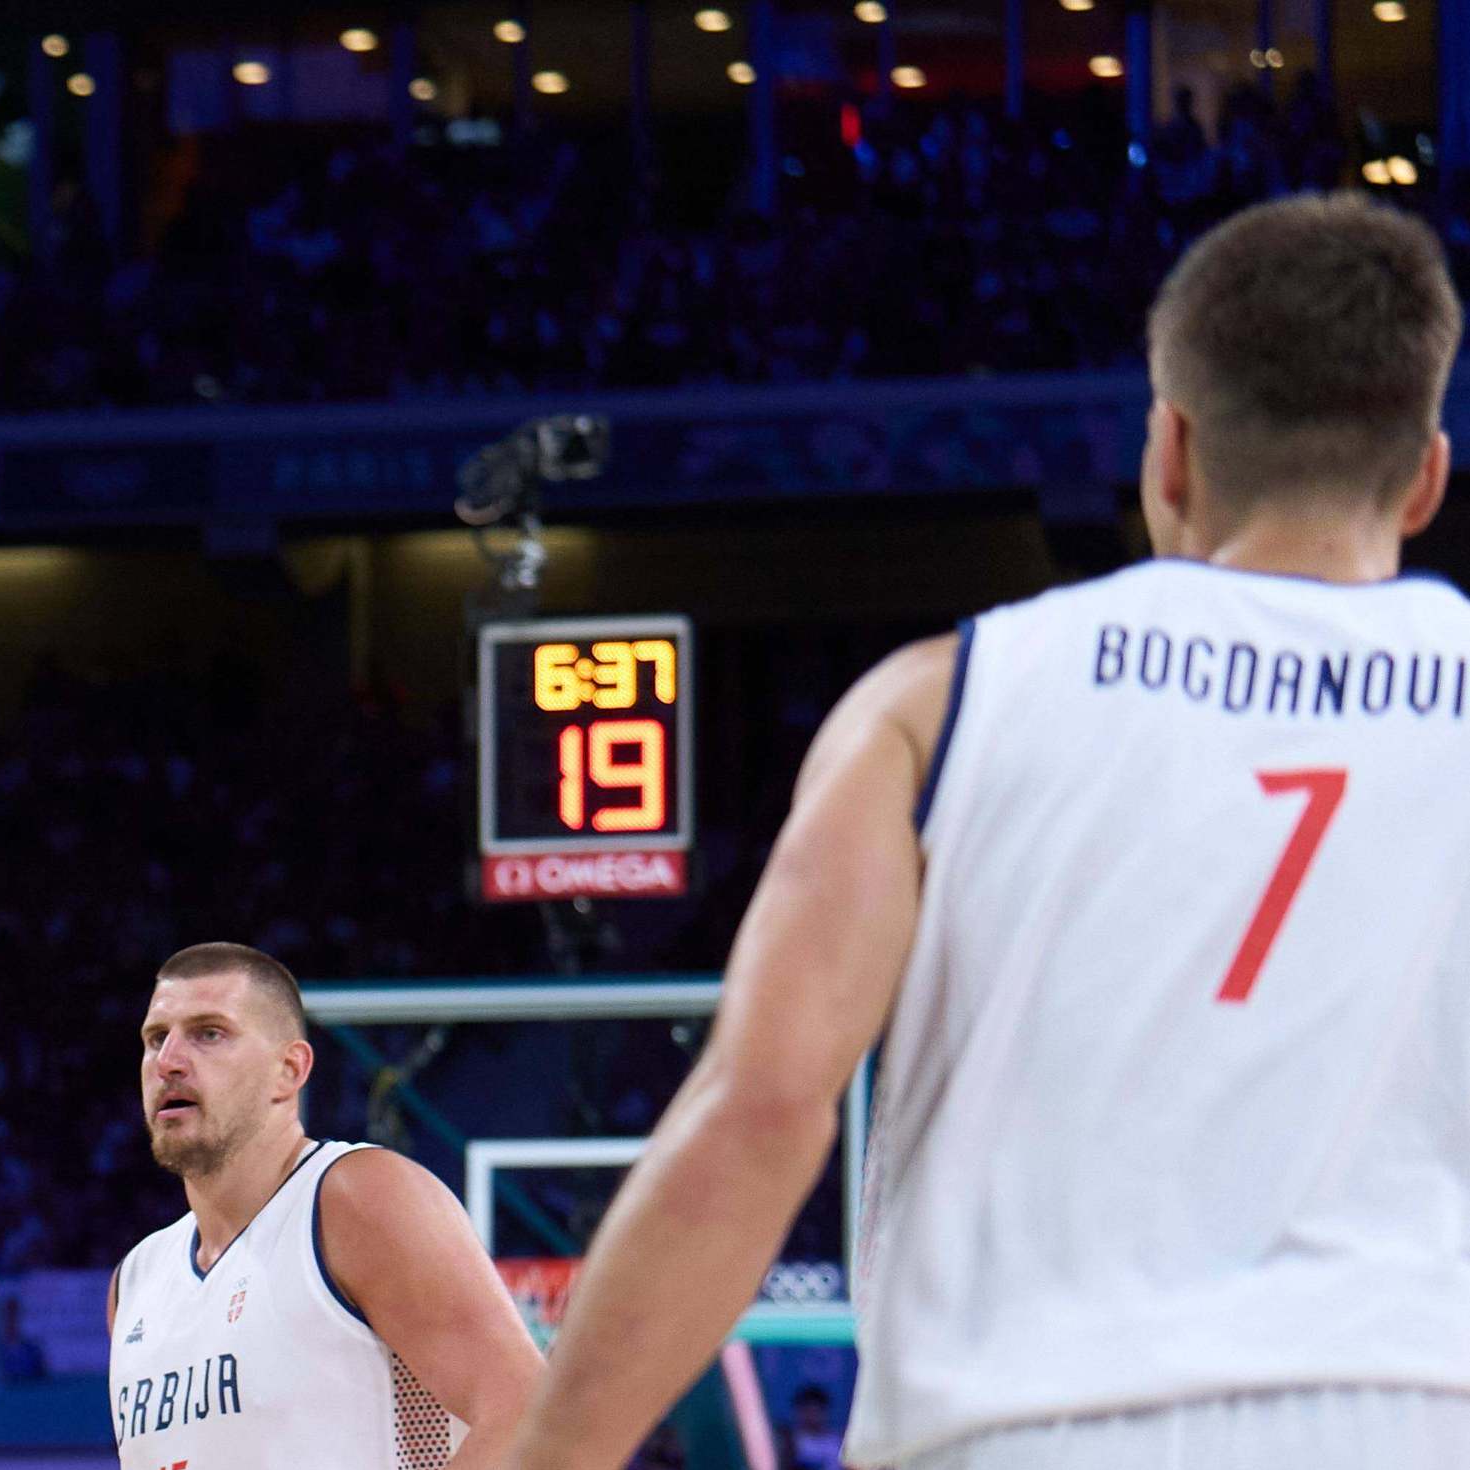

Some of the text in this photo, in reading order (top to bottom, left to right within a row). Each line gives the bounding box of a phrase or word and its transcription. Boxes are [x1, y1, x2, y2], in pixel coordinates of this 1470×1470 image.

[534, 640, 676, 711] 6:37
[559, 719, 665, 832] 19
[536, 856, 678, 893] OMEGA
[1216, 766, 1349, 1004] 7
[117, 1353, 241, 1449] SRBIJA

□ □ □ □ □

> _Exercise directions_: Strip the images and return the remaining data exactly.

> _Task output_:
Some of the text in this photo, in reading order (top to bottom, left to right within a row). Each line gives the bounding box of a phrase or word and its transcription. Boxes are [x1, y1, x2, y2], in pixel coordinates of this 1470×1470 image.

[534, 640, 676, 711] 6:37
[559, 719, 665, 832] 19
[536, 856, 678, 893] OMEGA
[1216, 766, 1349, 1004] 7
[117, 1353, 241, 1449] SRBIJA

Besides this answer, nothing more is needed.